### PROBLEM REQUIREMENTS
Every record should be written out again in full, with no character altered.

### SOURCE MATERIAL
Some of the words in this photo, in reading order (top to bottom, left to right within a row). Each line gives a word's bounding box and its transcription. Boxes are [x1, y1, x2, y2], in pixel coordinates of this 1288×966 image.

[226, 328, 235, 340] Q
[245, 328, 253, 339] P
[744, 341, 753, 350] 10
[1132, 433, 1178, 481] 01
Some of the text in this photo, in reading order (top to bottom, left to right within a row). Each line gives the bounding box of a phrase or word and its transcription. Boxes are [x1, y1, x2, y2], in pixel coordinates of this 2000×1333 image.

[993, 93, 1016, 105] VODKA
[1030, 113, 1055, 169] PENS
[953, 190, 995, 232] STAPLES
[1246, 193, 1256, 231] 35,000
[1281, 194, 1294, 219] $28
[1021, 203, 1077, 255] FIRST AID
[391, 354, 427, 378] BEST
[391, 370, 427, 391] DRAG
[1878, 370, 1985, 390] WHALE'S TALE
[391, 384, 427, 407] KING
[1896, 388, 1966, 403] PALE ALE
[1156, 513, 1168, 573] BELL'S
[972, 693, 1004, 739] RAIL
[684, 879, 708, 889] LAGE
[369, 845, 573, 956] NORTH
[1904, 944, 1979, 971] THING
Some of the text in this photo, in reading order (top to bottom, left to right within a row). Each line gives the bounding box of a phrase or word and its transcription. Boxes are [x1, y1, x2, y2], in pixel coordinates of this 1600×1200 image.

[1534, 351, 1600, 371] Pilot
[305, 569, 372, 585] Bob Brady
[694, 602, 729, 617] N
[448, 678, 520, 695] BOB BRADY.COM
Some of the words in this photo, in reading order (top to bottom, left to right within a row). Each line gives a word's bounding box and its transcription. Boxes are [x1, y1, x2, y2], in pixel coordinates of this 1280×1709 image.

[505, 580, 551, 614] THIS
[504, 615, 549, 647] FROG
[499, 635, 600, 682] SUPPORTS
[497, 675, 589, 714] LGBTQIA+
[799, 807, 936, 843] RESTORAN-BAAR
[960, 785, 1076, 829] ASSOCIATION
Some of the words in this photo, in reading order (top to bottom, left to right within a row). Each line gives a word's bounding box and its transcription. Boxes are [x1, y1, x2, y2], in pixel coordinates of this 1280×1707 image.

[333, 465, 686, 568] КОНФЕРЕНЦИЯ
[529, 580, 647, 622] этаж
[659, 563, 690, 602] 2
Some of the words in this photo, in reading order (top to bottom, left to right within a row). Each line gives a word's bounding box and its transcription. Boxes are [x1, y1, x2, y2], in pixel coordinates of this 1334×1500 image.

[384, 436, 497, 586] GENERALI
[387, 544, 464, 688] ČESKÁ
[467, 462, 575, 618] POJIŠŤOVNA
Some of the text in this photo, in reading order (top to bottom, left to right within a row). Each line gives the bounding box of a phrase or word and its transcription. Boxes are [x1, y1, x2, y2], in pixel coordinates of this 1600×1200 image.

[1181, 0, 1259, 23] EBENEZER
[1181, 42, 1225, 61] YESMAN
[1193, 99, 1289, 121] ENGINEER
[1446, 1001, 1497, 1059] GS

### TASK ANSWER
Some of the words in this photo, in reading order (top to bottom, left to right within a row). Each line gives a word's bounding box and its transcription. Boxes are [x1, y1, x2, y2], in pixel coordinates of this 1288×966 image.

[226, 328, 235, 340] Q
[245, 328, 253, 339] P
[744, 341, 753, 350] 10
[1132, 433, 1178, 481] 01
Some of the text in this photo, in reading order (top to bottom, left to right within a row). Each line gives the bounding box of a phrase or word and its transcription. Boxes are [x1, y1, x2, y2], in pixel coordinates of this 2000×1333 image.

[993, 93, 1016, 105] VODKA
[1030, 113, 1055, 169] PENS
[953, 190, 995, 232] STAPLES
[1246, 193, 1256, 231] 35,000
[1281, 194, 1294, 219] $28
[1021, 203, 1077, 255] FIRST AID
[391, 354, 427, 378] BEST
[391, 370, 427, 391] DRAG
[1878, 370, 1985, 390] WHALE'S TALE
[391, 384, 427, 407] KING
[1896, 388, 1966, 403] PALE ALE
[1156, 513, 1168, 573] BELL'S
[972, 693, 1004, 739] RAIL
[684, 879, 708, 889] LAGE
[369, 845, 573, 956] NORTH
[1904, 944, 1979, 971] THING
Some of the text in this photo, in reading order (top to bottom, left to right within a row). Each line gives the bounding box of a phrase or word and its transcription. Boxes are [x1, y1, x2, y2], in pixel coordinates of this 1600×1200 image.

[1534, 351, 1600, 371] Pilot
[305, 569, 372, 585] Bob Brady
[694, 602, 729, 617] N
[448, 678, 520, 695] BOB BRADY.COM
Some of the words in this photo, in reading order (top to bottom, left to right within a row). Each line gives a word's bounding box and its transcription. Boxes are [x1, y1, x2, y2], in pixel coordinates of this 1280×1709 image.

[505, 580, 551, 614] THIS
[504, 615, 549, 647] FROG
[499, 635, 600, 682] SUPPORTS
[497, 675, 589, 714] LGBTQIA+
[799, 807, 936, 843] RESTORAN-BAAR
[960, 785, 1076, 829] ASSOCIATION
Some of the words in this photo, in reading order (top to bottom, left to right within a row). Each line gives a word's bounding box and its transcription. Boxes are [x1, y1, x2, y2], in pixel coordinates of this 1280×1707 image.

[333, 465, 686, 568] КОНФЕРЕНЦИЯ
[529, 580, 647, 622] этаж
[659, 563, 690, 602] 2
Some of the words in this photo, in reading order (top to bottom, left to right within a row). Each line gives a word's bounding box and its transcription. Boxes are [x1, y1, x2, y2], in pixel coordinates of this 1334×1500 image.

[384, 436, 497, 586] GENERALI
[387, 544, 464, 688] ČESKÁ
[467, 462, 575, 618] POJIŠŤOVNA
Some of the text in this photo, in reading order (top to bottom, left to right within a row). Each line gives the bounding box of a phrase or word and its transcription. Boxes are [x1, y1, x2, y2], in pixel coordinates of this 1600×1200 image.

[1181, 0, 1259, 23] EBENEZER
[1181, 42, 1225, 61] YESMAN
[1193, 99, 1289, 121] ENGINEER
[1446, 1001, 1497, 1059] GS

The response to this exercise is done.